But if the Cambridge one will do the job for less $$$ and it is ready to ship I would consider it.
My engine is a 1963 Olds 215 stock except for block hugger headers, dual exhaust, MSD ignition control box and an MSD electronic distributor. I have a hood scoop and yet on Sunday outside temp about 85F degrees in NY unless I was moving a 45 mph or greater my water temp was flirting with 230F at speed I was at about 195F.

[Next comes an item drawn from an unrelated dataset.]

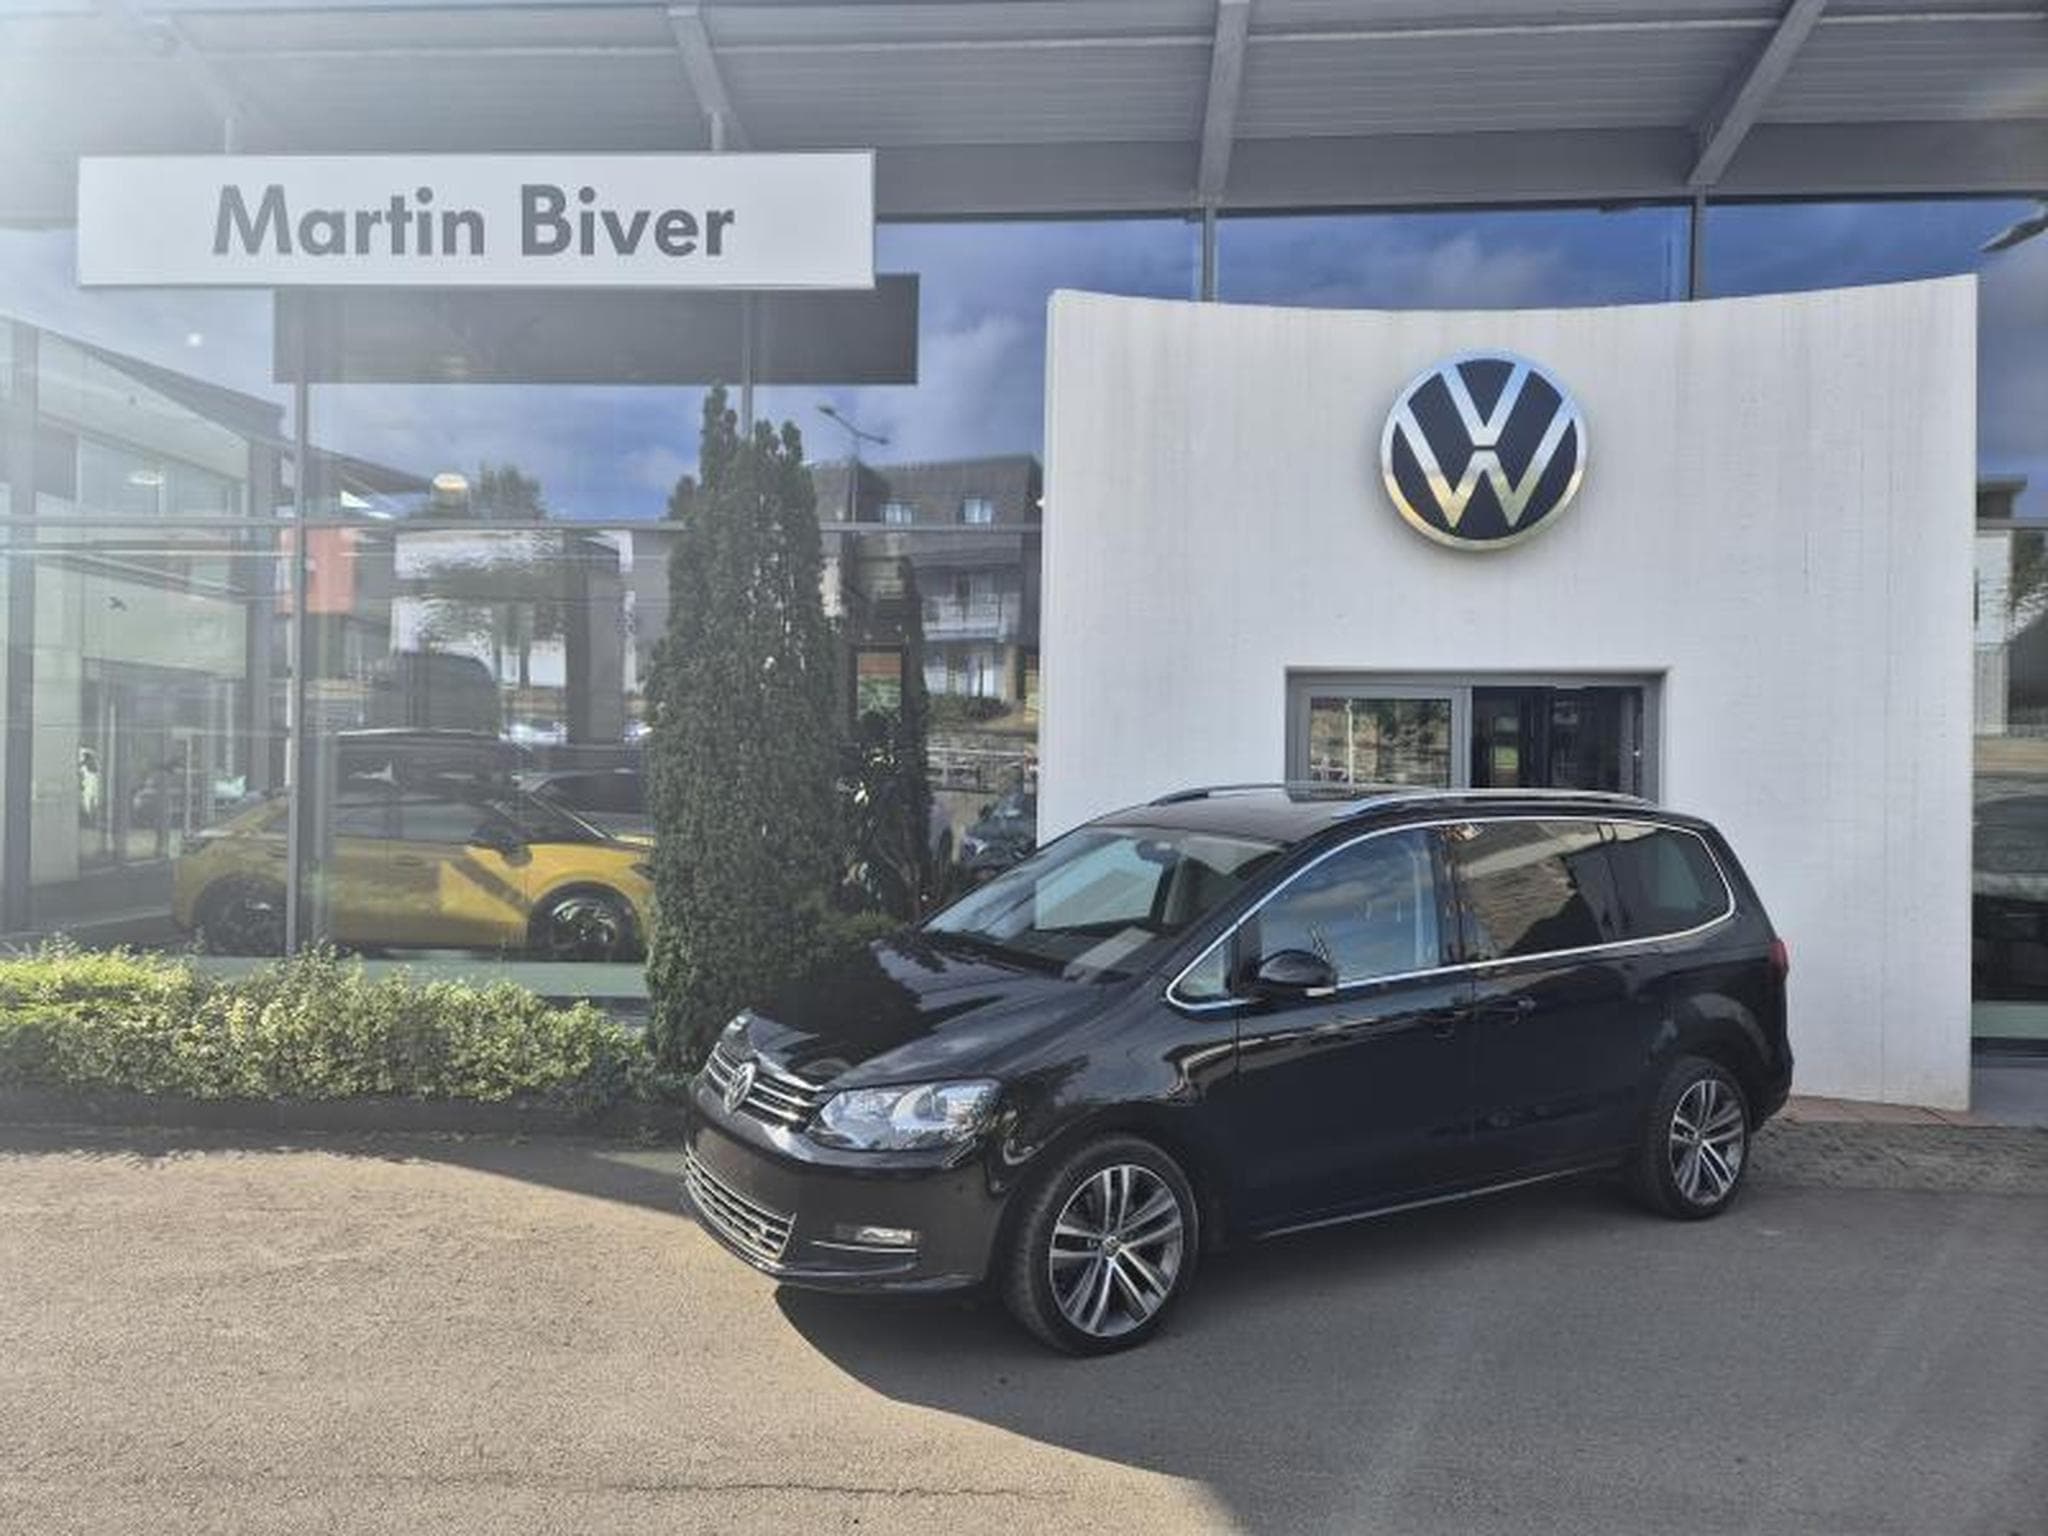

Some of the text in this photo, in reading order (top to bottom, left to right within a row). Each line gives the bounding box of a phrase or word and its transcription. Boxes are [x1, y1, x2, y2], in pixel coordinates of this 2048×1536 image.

It is essential that I improve the cooling in my MGBV8.
|Michael S. Domanowski|
Jeez, 230 is pretty darn balmy. Might want to ensure you've got a cap with a decently high pressure rating. What kind of hood scoop do you have? ... your info really surprises me b/c though I don't have one, I'd always reckoned putting one on would be of massive help temp-wise. I just can't find it within myself to do it, yet. But I just might. Anyway, Cambridge Motorsports' web site is
; I reckon you can get a catalog from 'em that way. All sorts of MG road candy, albeit mostly suited to 4-bangers. Boy could you put your credit card to good use there! Never done business with 'em but it seems like an impressive operation. Didn't know they sold alloy V8 rads though, I imagine they are dandy!!
|Clive Wheatley sells a 25-30% uprated rad that is the same overall size and has the same header tanks if appearance is important.|
|The best way to cool an MGBV8 is certainly a question of personal opinion, but of course there are some|
things which are crucial for the best results. The saga of my experiences are documented in the Newsletter section of my website:
..for what its worth!
|It's been mentioned in this board somewhere before that a early Ford Falcon/Mustang radiator fits well and does the job. It's a little longer and the mounts need to be trimmed to fit between the frame rails.|
I belive the Modine part # was 2301. I got a quote over the net for $169 delivered.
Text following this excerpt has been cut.